Please give again every entry exactly as it appears, setting aside the pictures.

Record extracts =
• • • • • • •

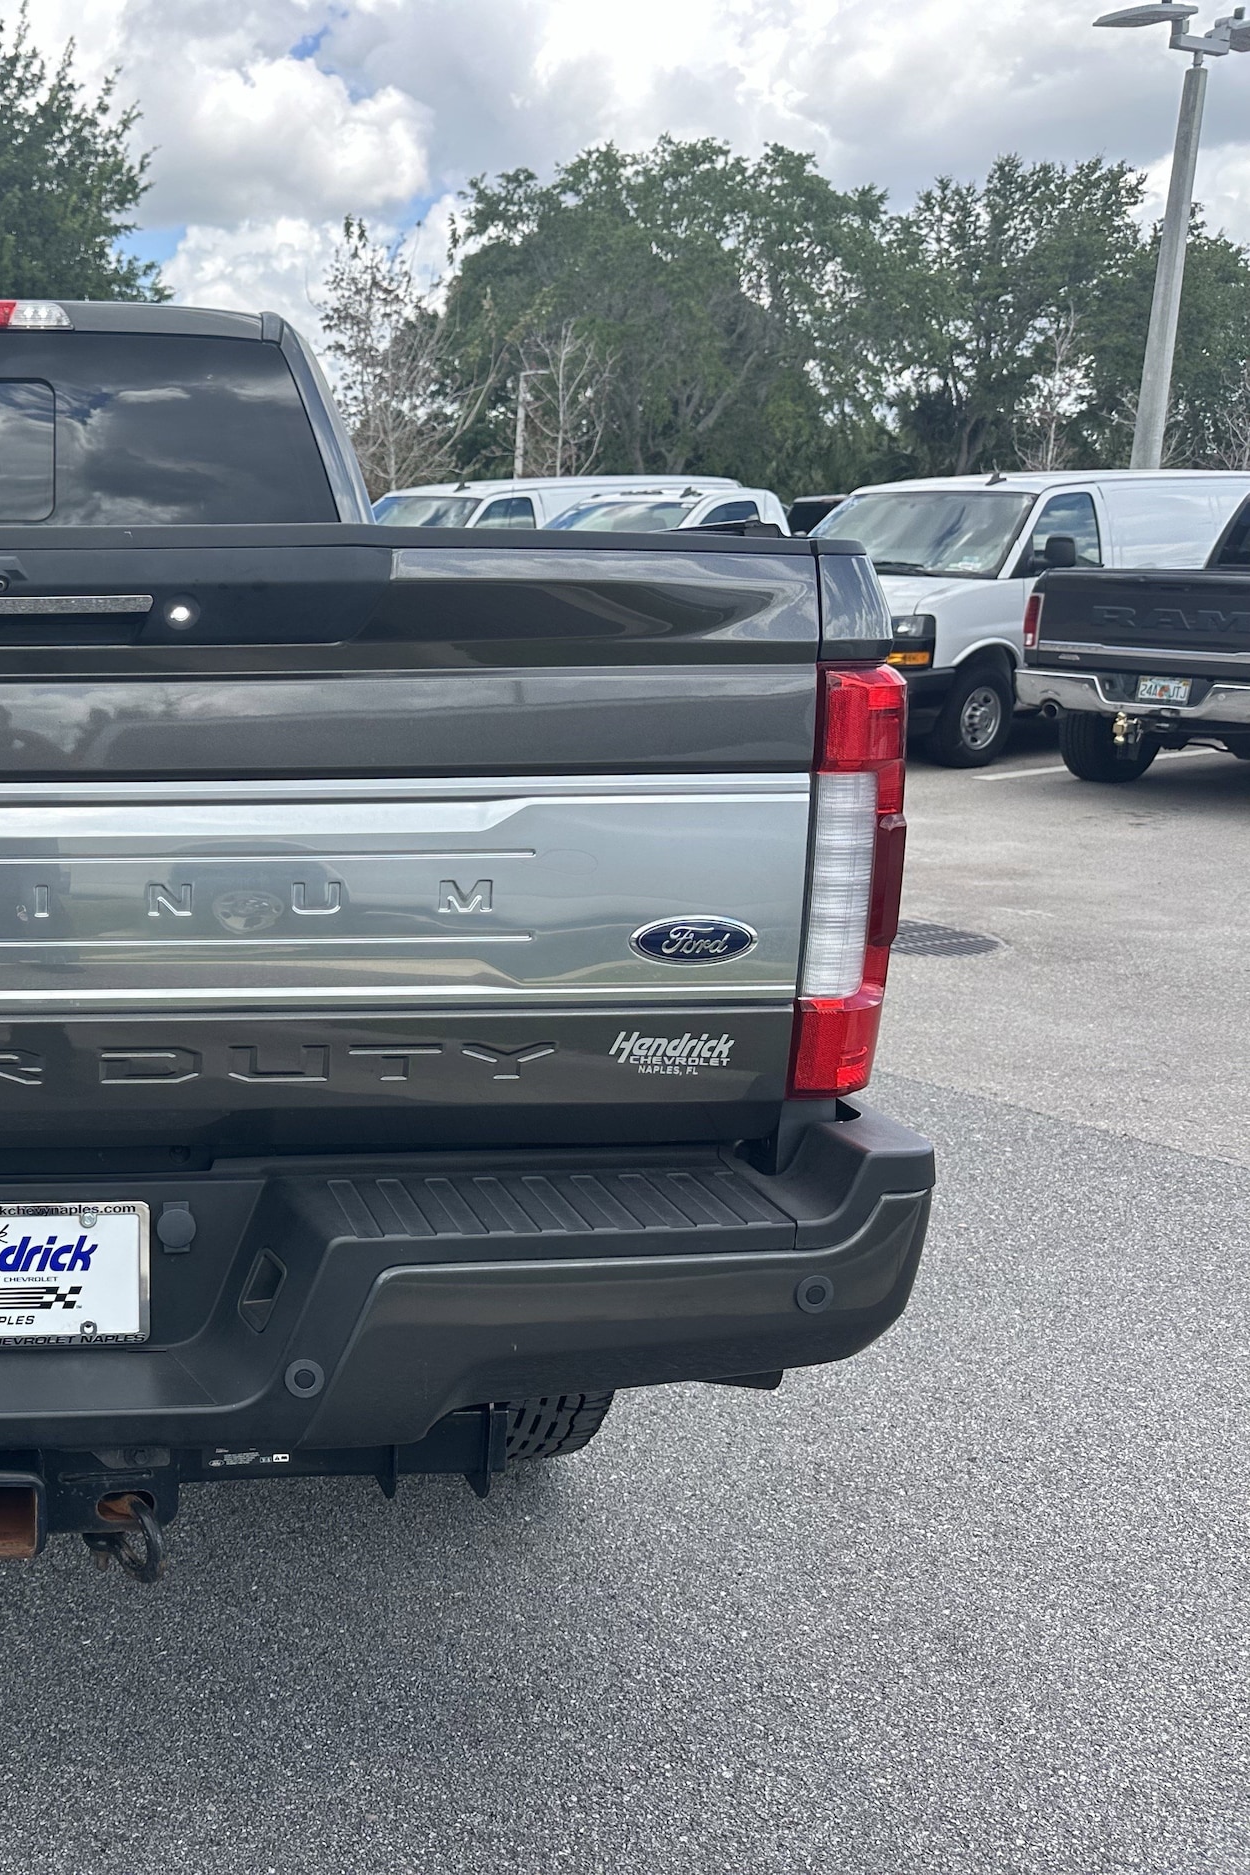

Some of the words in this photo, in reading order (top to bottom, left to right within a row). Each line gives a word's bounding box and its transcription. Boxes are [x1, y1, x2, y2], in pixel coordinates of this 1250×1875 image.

[1092, 605, 1250, 633] RAM
[662, 926, 731, 954] Ford
[608, 1031, 736, 1064] Hendrick
[629, 1056, 731, 1067] CHEVROLET
[99, 1041, 557, 1085] DUTY
[637, 1065, 683, 1076] NAPLES,
[685, 1066, 699, 1075] FL
[80, 1333, 146, 1344] NAPLES

• • • • • • •

Response to the exercise =
Some of the words in this photo, in reading order (top to bottom, left to right within a row). Each line gives a word's bounding box and its transcription. Boxes are [x1, y1, x2, y2], in pixel coordinates of this 1250×1875 image.

[1092, 605, 1250, 633] RAM
[662, 926, 731, 954] Ford
[608, 1031, 736, 1064] Hendrick
[629, 1056, 731, 1067] CHEVROLET
[99, 1041, 557, 1085] DUTY
[637, 1065, 683, 1076] NAPLES,
[685, 1066, 699, 1075] FL
[80, 1333, 146, 1344] NAPLES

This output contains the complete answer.